But we have no control. The Crown and its representatives are in full control of the land, full in control of who is allowed to develop, who is allowed to do this and that and all we have is a consultation process that, for the most part, just allows us really to blow off steam. So we hope that things change and we hope for meaningful — I’d like to say “discussions” but it needs to be more than discussions, I think action needs to take place.

Albertans, Canadians in general, they have no knowledge really of our Treaty. They have no knowledge of what it really done for the people of Treaty 8, specifically the Swan River people, to maintain our ways.
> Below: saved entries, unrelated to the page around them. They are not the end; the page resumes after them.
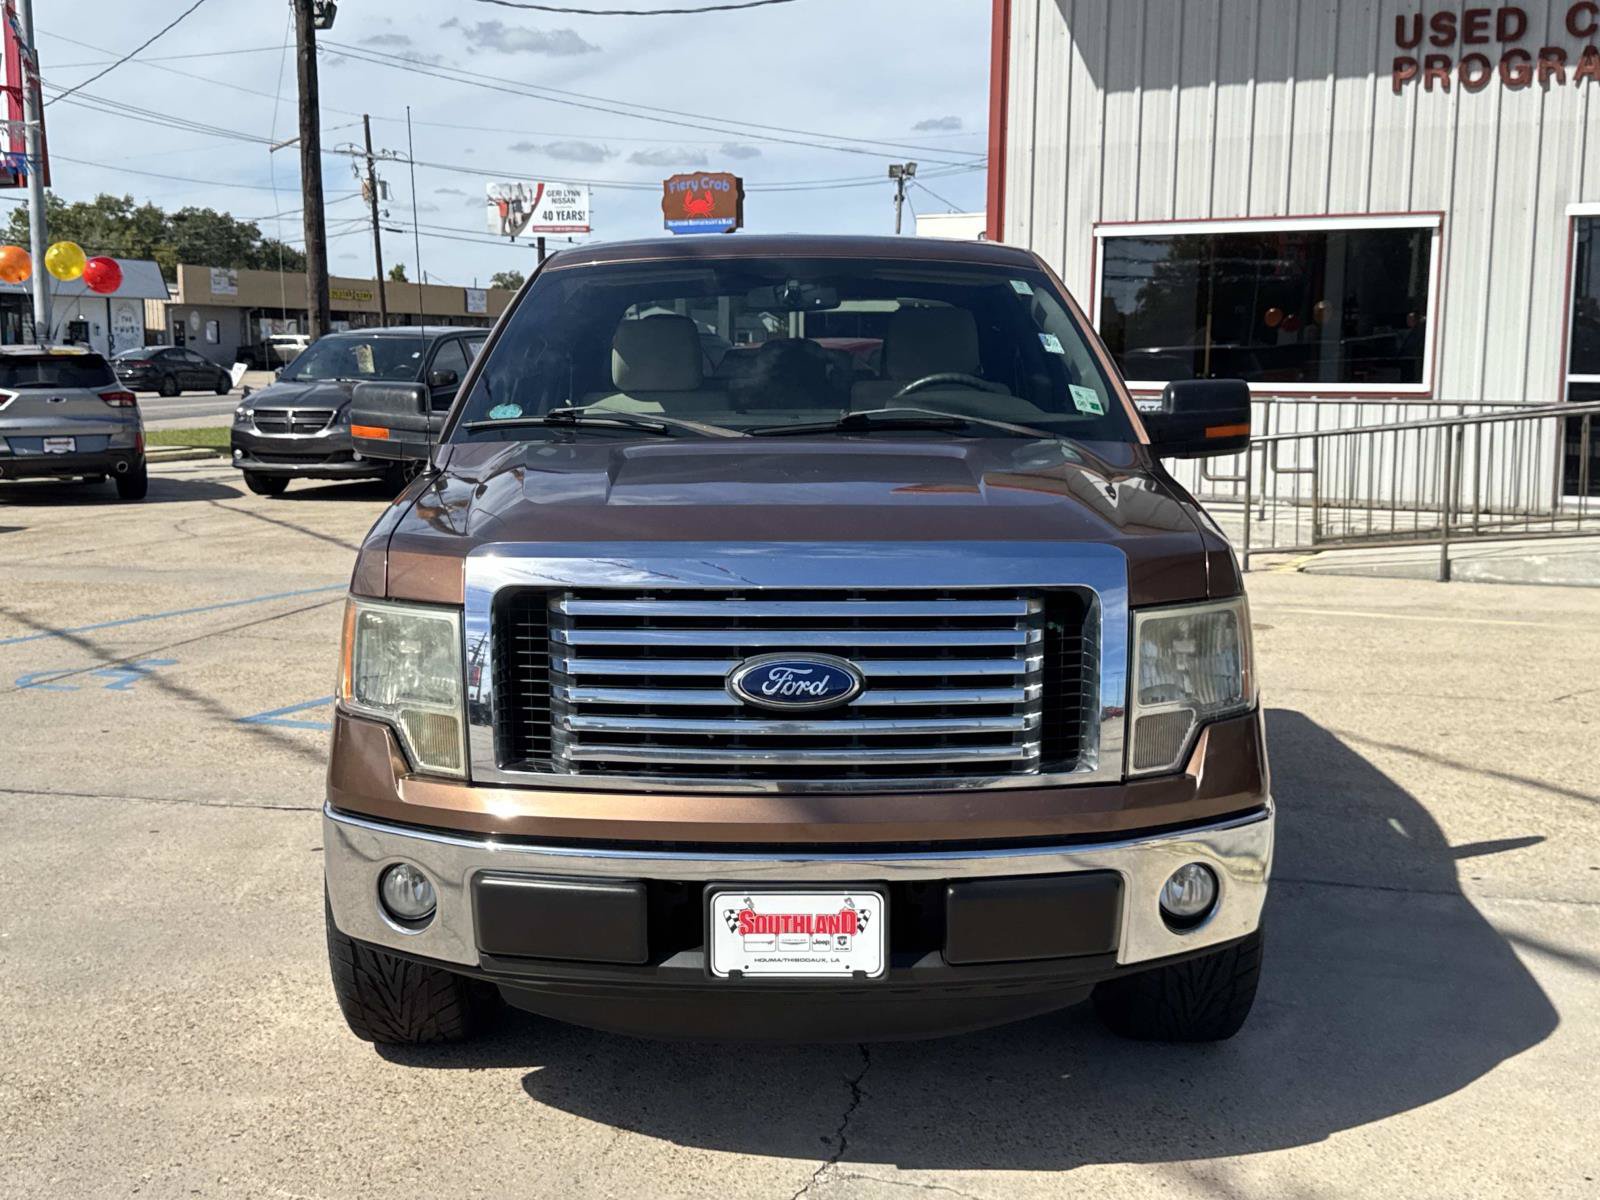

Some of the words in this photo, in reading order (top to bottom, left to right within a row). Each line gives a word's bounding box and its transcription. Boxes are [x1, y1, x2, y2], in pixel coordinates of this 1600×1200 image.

[1396, 6, 1528, 49] USED
[1392, 45, 1600, 93] PROGRA
[563, 189, 581, 197] LYNN
[669, 179, 699, 193] Fiery
[700, 176, 730, 192] Crab
[542, 210, 553, 221] 40
[556, 210, 586, 221] YEARS!
[761, 667, 830, 696] Ford
[738, 909, 858, 936] SOUTHLAND
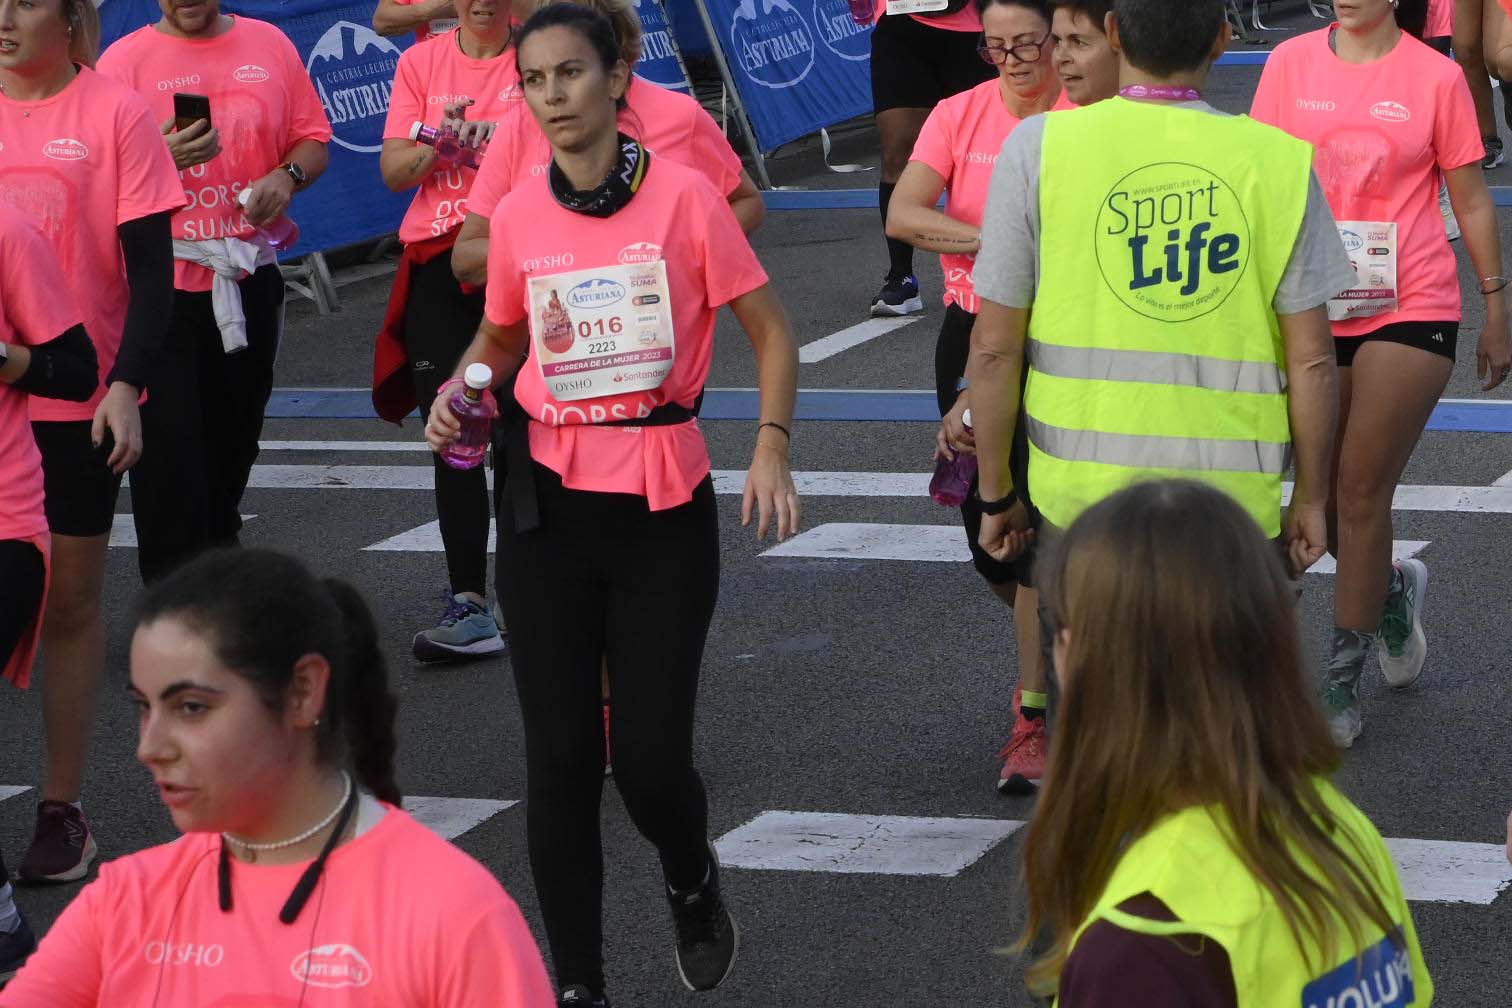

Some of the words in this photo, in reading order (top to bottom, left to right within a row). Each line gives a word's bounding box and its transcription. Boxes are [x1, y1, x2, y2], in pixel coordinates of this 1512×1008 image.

[158, 75, 200, 91] OYSHO
[1108, 180, 1219, 239] Sport
[183, 215, 255, 241] SUMA
[524, 253, 574, 273] OYSHO
[1128, 222, 1240, 296] Life
[571, 289, 622, 304] ASTURIANA
[578, 316, 623, 338] 016
[588, 342, 617, 354] 2223
[555, 362, 588, 373] CARRERA
[590, 360, 601, 368] DE
[602, 358, 612, 367] LA
[613, 354, 640, 365] MUJER
[642, 351, 661, 360] 2023
[555, 378, 592, 393] OYSHO
[624, 369, 666, 383] Santander
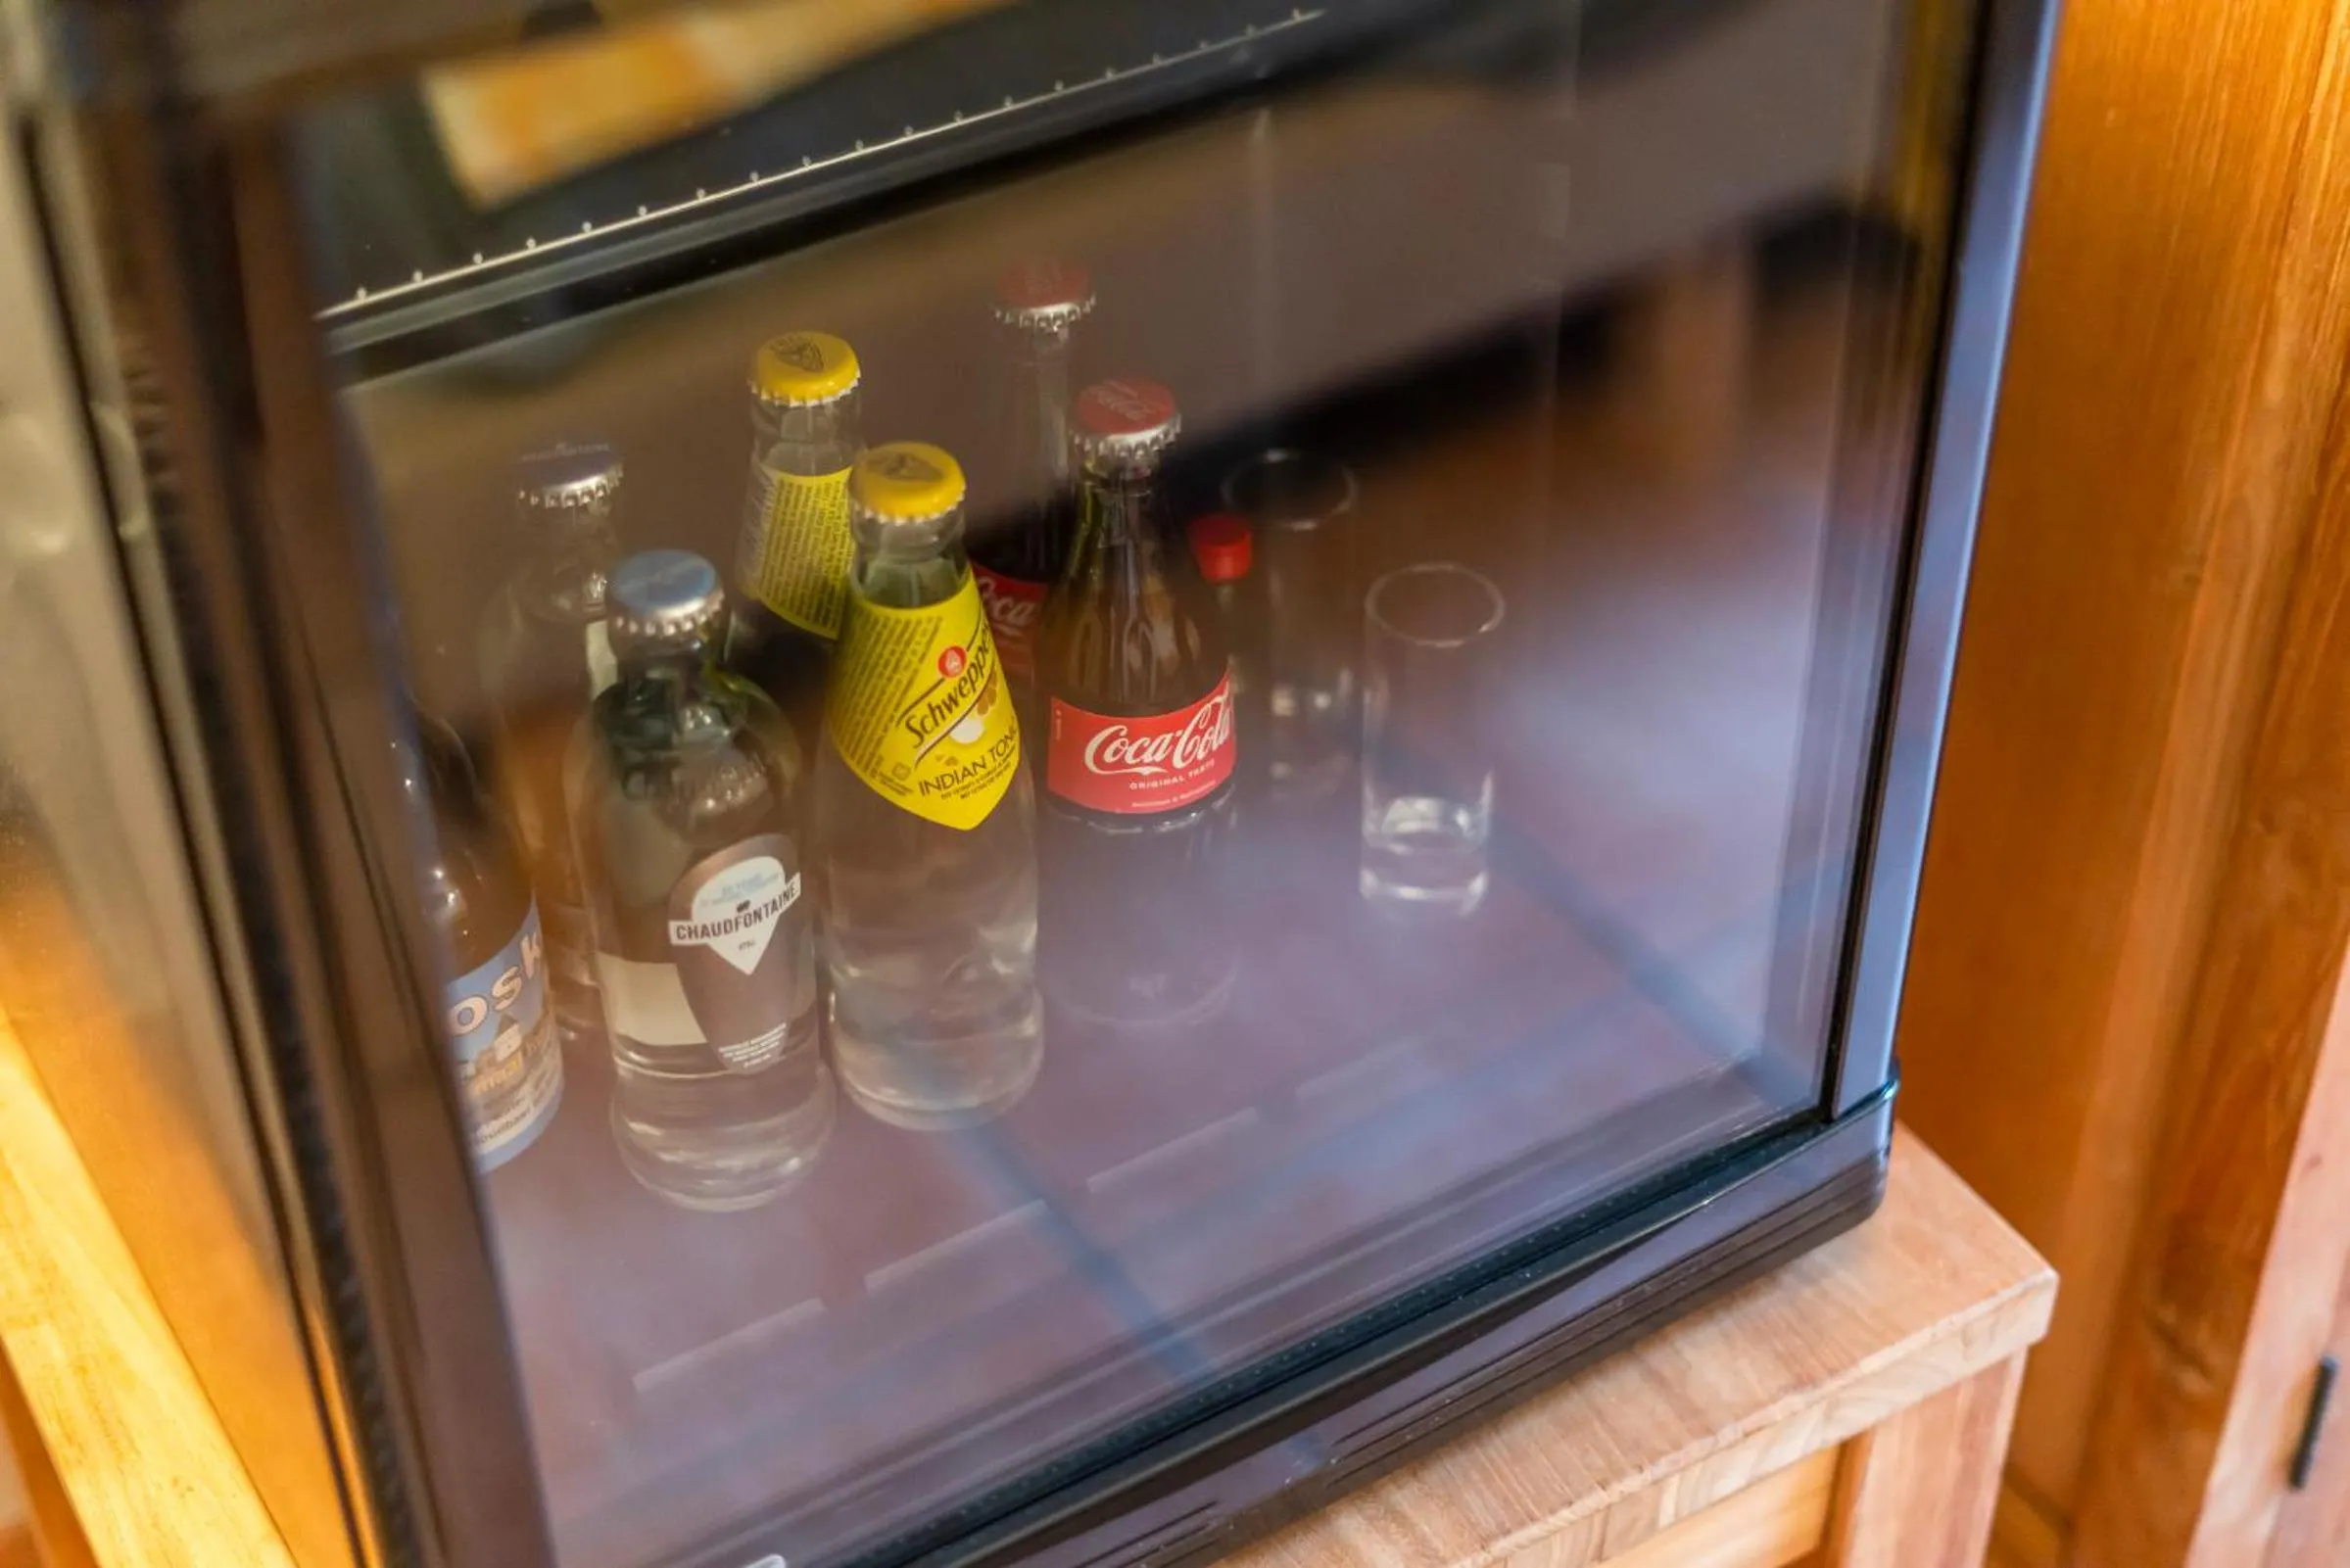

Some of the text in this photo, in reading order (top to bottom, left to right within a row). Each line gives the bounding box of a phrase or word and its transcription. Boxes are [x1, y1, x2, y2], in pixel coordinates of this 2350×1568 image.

[1084, 681, 1230, 776] Coca-Cola
[918, 755, 987, 797] INDIAN
[1129, 776, 1184, 791] ORIGINAL
[676, 882, 796, 941] CHAUDFONTAINE
It was so important that our religious interference would not be there, that it was actually — it was talked about in negotiations, and they weren’t to interfere with our ways, and our religion, our spirituality, but residential schools changed that now, they took a lot of that way from us, forcefully. I have to say it’s forcefully because we didn’t agree to that, as evidenced in our Treaty negotiations.

Now, a lot of culture was lost on that process. A lot of our ways were — I’d like to say they were lost but they’re still there. Like it’s pretty hard to kill the Indian in the Indian because the spirit is very strong, so it needs to be understood that way.

So on one hand we have the residential schools trying to destroy our culture and now we have — and then we get through that, now we’re here and we’re still using the land, we’re still teaching our young people how to hunt, how to go out on the land and survive.

So we’ve been doing — we’ve been having boy’s camps is what we’re calling hunting camps. So we take our young youth, our young guys out there and this has been going on about close to 40 years.

So we take them out there and we teach them. I myself was one of them, I was a youth; I was very young when I was out on one of those camps learning about this and then I was able to go out on my own and do my thing.

And now, the ones that we’ve — I was a supervisor as well on some of these youth trips and they’re now out there on their own hunting now, so our ways we learn are out of the land and that still exists today and it’s very strong and we don’t want that interfered with. Our Treaty had protected that.

I will talk a little bit about the spills but we’ll have other members, some of the group will be talking to other things here as well, so I’ll only touch a little bit on where my mind takes me as I go through my notes here so…

I think I have talked about the development already and our continued ability to exercise our rights in gathering and hunting and occupying our territory out there, and due the mapping in some of the work that we’ve been doing, our territory, we believe has reached already a critical threshold. We don’t know it’ll come back and what’s left is contaminated, so we have great concerns about that.

We have many impacts in our territory since 1950’s or so, that’s when the Swan Hills’ area and so forth, that whole — it’s hard to talk because the more you say sometimes the more you limit yourself when you talk.

So we have a Treaty 8 territory where we exercise our rights, basically, our Aboriginal rights and titles. So that’s the Treaty 8 territory. This was set aside for the use and benefit of our people. That’s what our negotiators have done for us.

They didn’t agree that they would take up, again, so much land that we can’t go hunt, we can’t go gather, we can’t go stay at this, we can’t go have our ceremonies our there because it’s just like a massive wave of roads and pipelines so we have no remoteness.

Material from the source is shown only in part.